The Complete Website Migration Checklist: SEO, Content, Redirects, and Testing
The Complete Website Migration Checklist: SEO, Content, Redirects, and Testing

Key Takeaways
- Never migrate without a full pre-launch benchmark of crawl data, analytics, rankings, and backlinks, because you cannot diagnose problems you never measured.
- Map every old URL one-to-one to its closest new equivalent and avoid mass-redirecting pages to the homepage, which search engines treat as soft 404s.
- Use permanent 301 redirects, eliminate chains and loops so each URL resolves in a single hop, and keep the rules live indefinitely.
- Preserve technical SEO signals through the move: titles, canonicals, structured data, sitemaps, robots.txt, and internal links must all point to final URLs.
- Treat launch as a verification checklist and monitor Search Console, rankings, and conversion paths closely for the first two to four weeks.
A website migration is one of the highest-risk projects any site owner can undertake. Whether you are changing domains, switching platforms (say WordPress to Next.js), moving to HTTPS, restructuring your URLs, or consolidating multiple sites into one, the moment you flip the switch you are asking search engines to re-map everything they know about your site.
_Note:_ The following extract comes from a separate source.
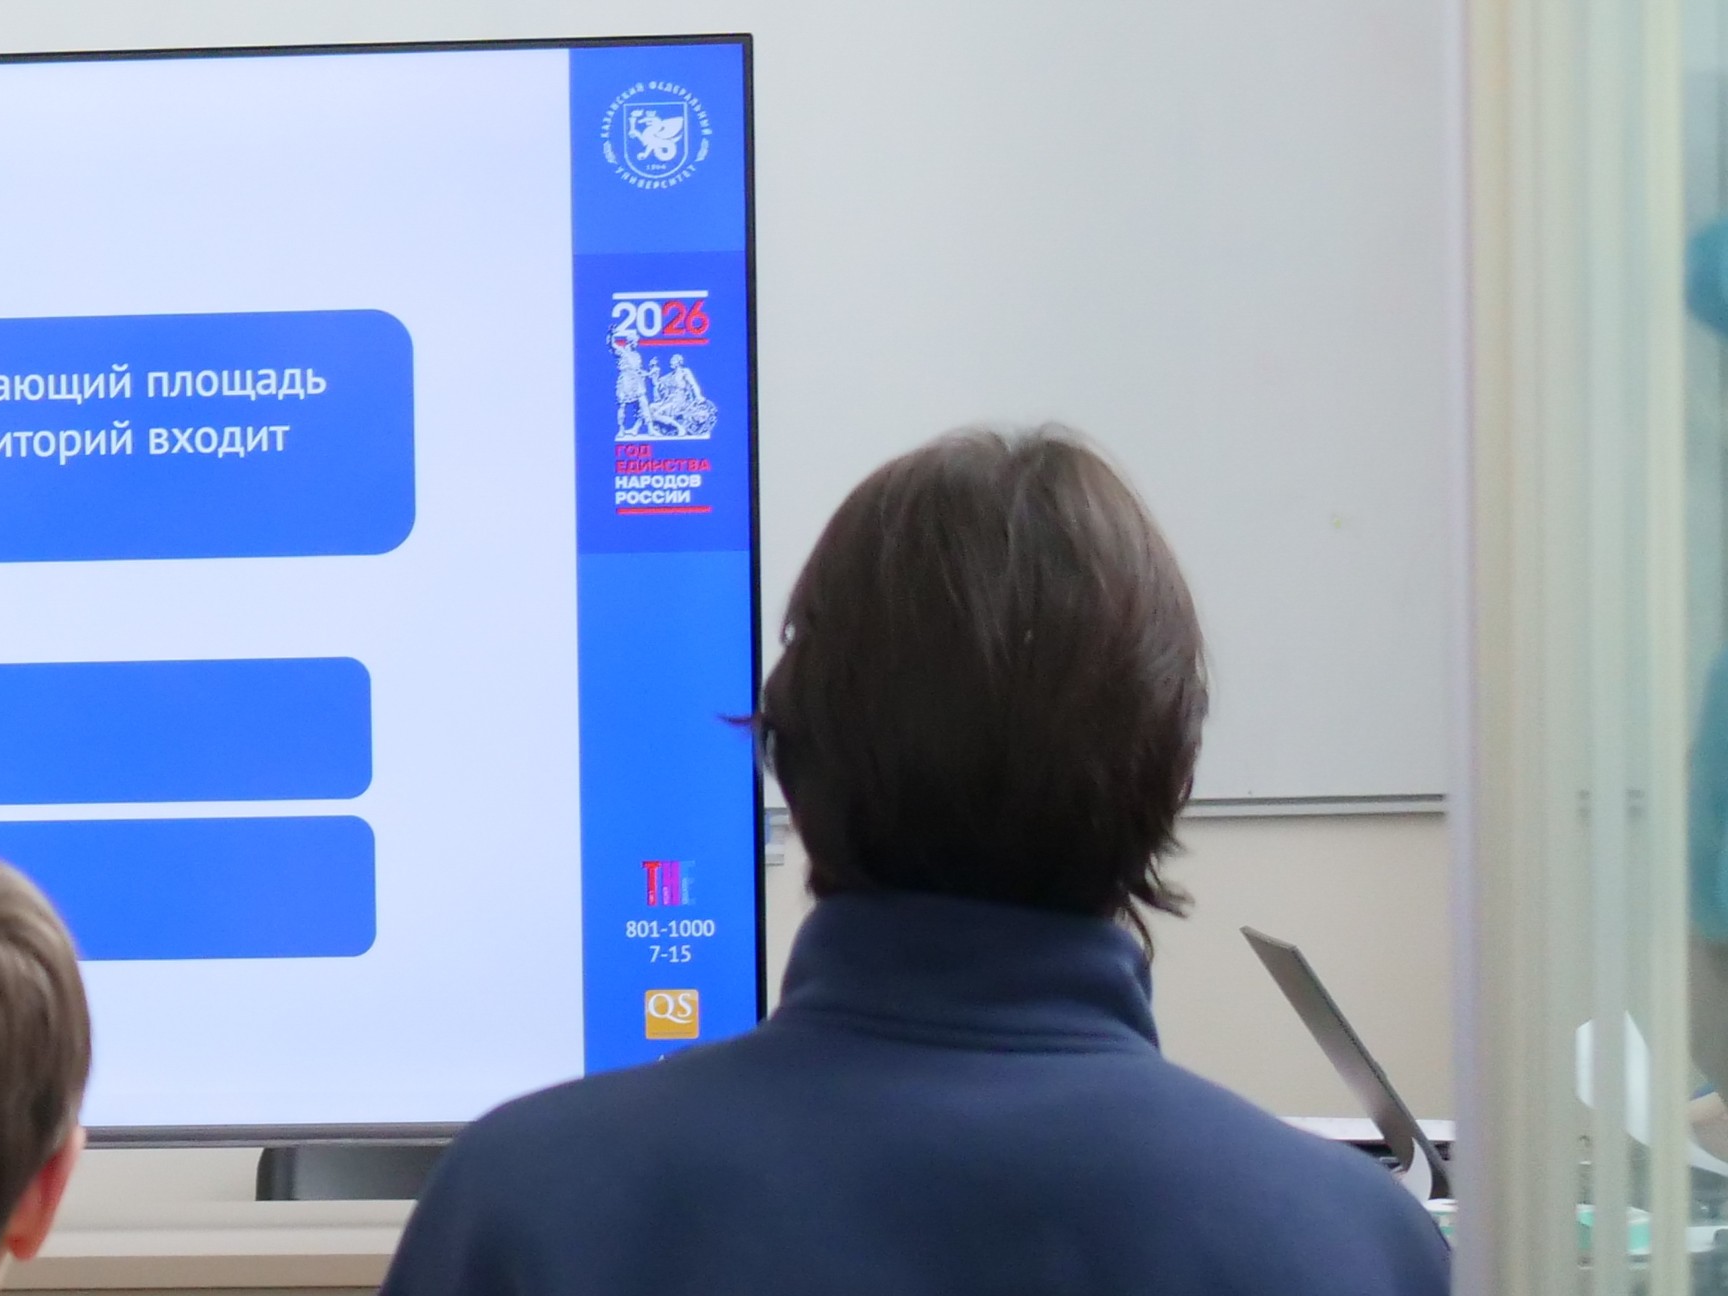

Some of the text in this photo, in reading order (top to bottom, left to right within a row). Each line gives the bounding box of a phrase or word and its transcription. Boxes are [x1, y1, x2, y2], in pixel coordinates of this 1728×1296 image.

Done carelessly, a migration can wipe out years of accumulated rankings, backlinks, and organic traffic in a matter of days.
The good news is that traffic loss is almost always preventable. In our experience running website migration projects, the sites that hold their rankings are the ones that treated migration as a disciplined, checklist-driven process rather than a single launch-day event. This guide walks through the complete website migration checklist in the order the work actually happens: planning and benchmarking, content mapping, redirects, technical SEO, launch, and post-launch testing.
Use it as a working document. Copy each section into your project tracker, assign owners, and do not treat any item as optional until you have confirmed it does not apply to your situation.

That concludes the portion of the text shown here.